Compañeras and compañeros:

Scholars are expressing caution about the performance of the world economy. Current estimates put average growth at 3.3%, lower than the 3.7% projected in December of last year.

As we know and have experienced in the first half of the year, the Cuban economy is functioning in a context of limitations, mainly in terms of hard currency and fuel, due to the resurgence of the blockade, financial persecution, the application of Title III of the Helms-Burton Law, the prohibition of cruise ship travel, and other measures, fundamentally intended to affect tourism and foreign investment, to asphyxiate us economically, causing greater hardships that irritate and demobilize our people.

In this complex scenario, during the first six months of the year, expected revenue from exports was not achieved, with the main impact seen in tourism, nickel sales – in which prices fell – and sugar. Nonetheless, production levels that are essential to the country have been reached.

Once calculations of activity levels and balancing of accounts that determine the economy’s performance in 2018 were concluded, it was determined that gross domestic product growth of 2.2% was achieved, higher than the 1.2% we reported as an estimate in the month of December.

This implies that, in order to reach planned growth in 2019, the economy must grow more than initially planned.

In the present year, even in the eye of the hurricane of adversity that the enemy has conceived to strangle us, the Cuban economy can grow modestly, thanks to the fact that we have the potential to resist and continue advancing in our development.

But in terms of challenges, we are not yet over the top. The scenario which Cuban tourism will face in the second half of the year will be more difficult. The greatest decrease will be in maritime arrivals, due to the cancellation of cruise operations, which mainly impacts the U.S. market.

In this period, the hard currency balance will be maintained as planned. Likewise, the directive that debt payments must exceed the assumption of new credits is being implemented – another fundamental measures taken to avoid increasing external debt.

The result achieved is due to the supervision that is being exercised in keeping with the plan, in terms of the country’s indebtedness, based on the premise of not taking on more debt than we can pay.

There has been a deficit in fuel imports, which has forced us to establish internal restrictions on consumption, avoiding as far as possible effects on the population, and the economy’s main producers and service providers. In this context, savings and control become more important, to send every liter where it is most needed.

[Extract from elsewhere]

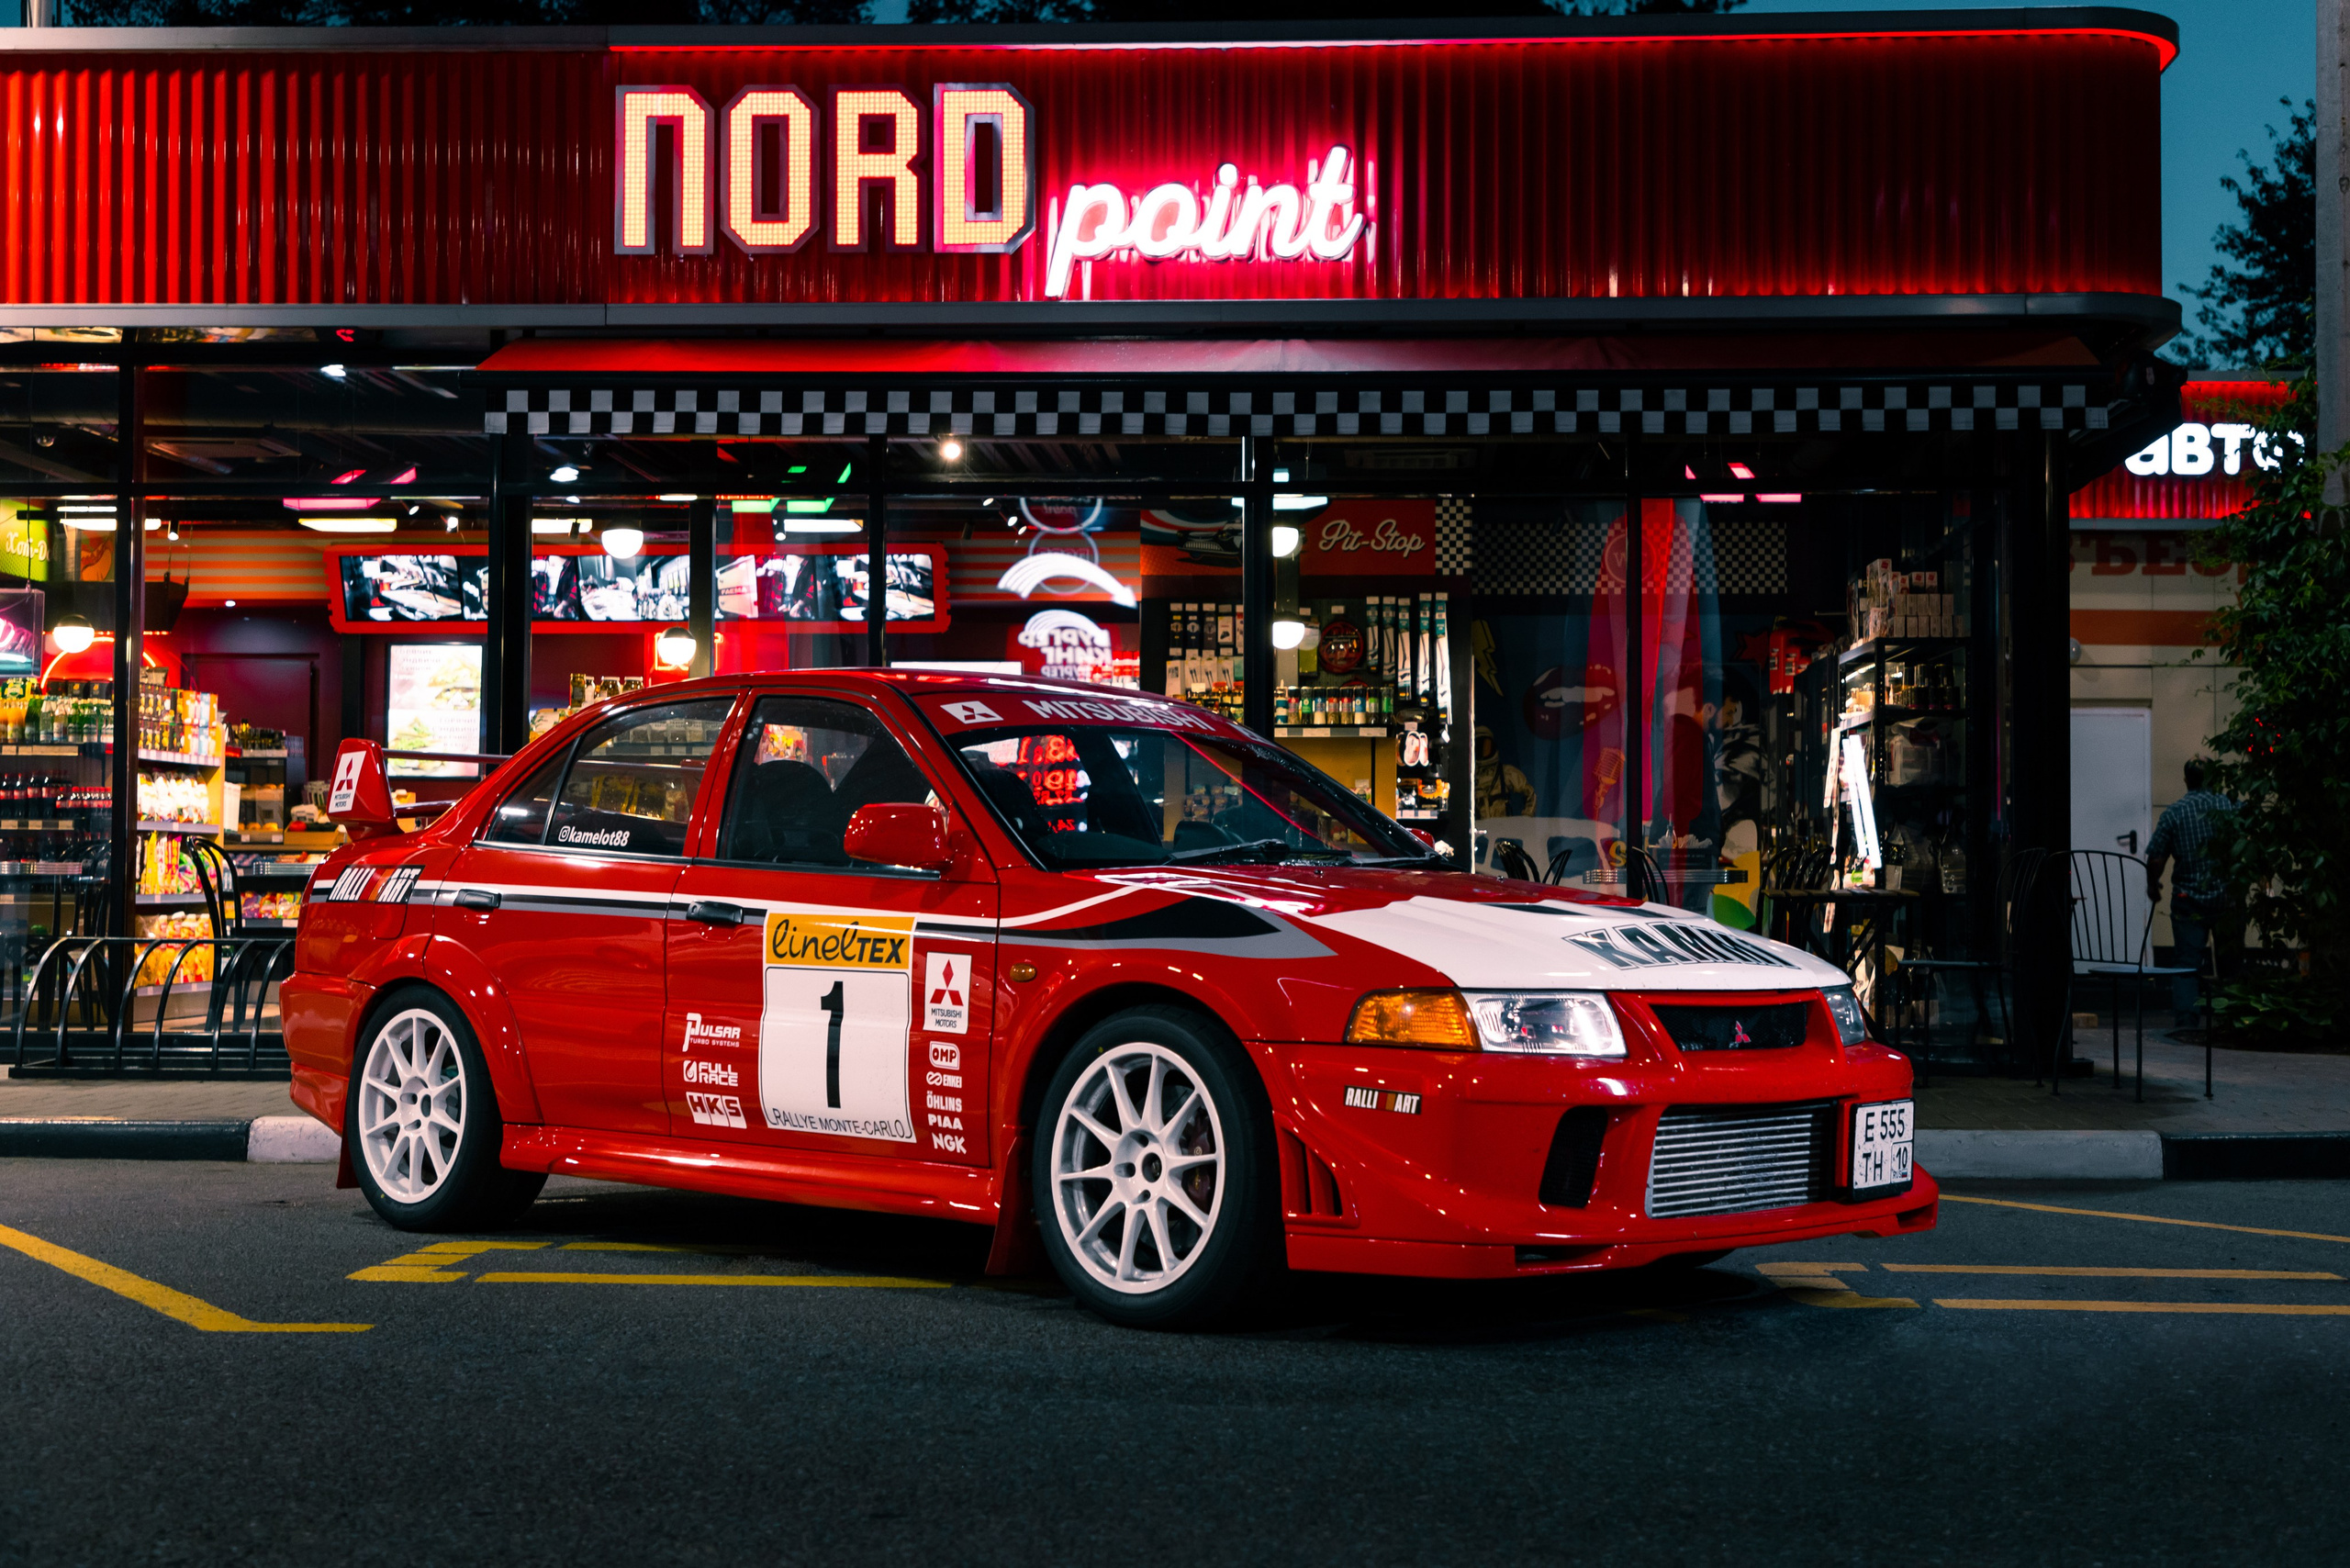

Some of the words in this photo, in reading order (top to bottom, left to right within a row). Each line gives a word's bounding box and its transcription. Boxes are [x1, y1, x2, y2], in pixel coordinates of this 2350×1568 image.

Despite fuel tensions, the generation of electric power has been supported, and as has been reported to our people, work is being done to guarantee this throughout the summer.

Logistical difficulties during the first months of the year caused extensive defaults in ship deliveries and arrivals, a situation that has been stabilized.

Over the course of the year, the need to recover production of pork has been emphasized, and its use in the elaboration of cold cuts is prioritized in the industry, in order to increase yields and the supply of meat products to the population.

Total production of fresh milk is surpassing projections.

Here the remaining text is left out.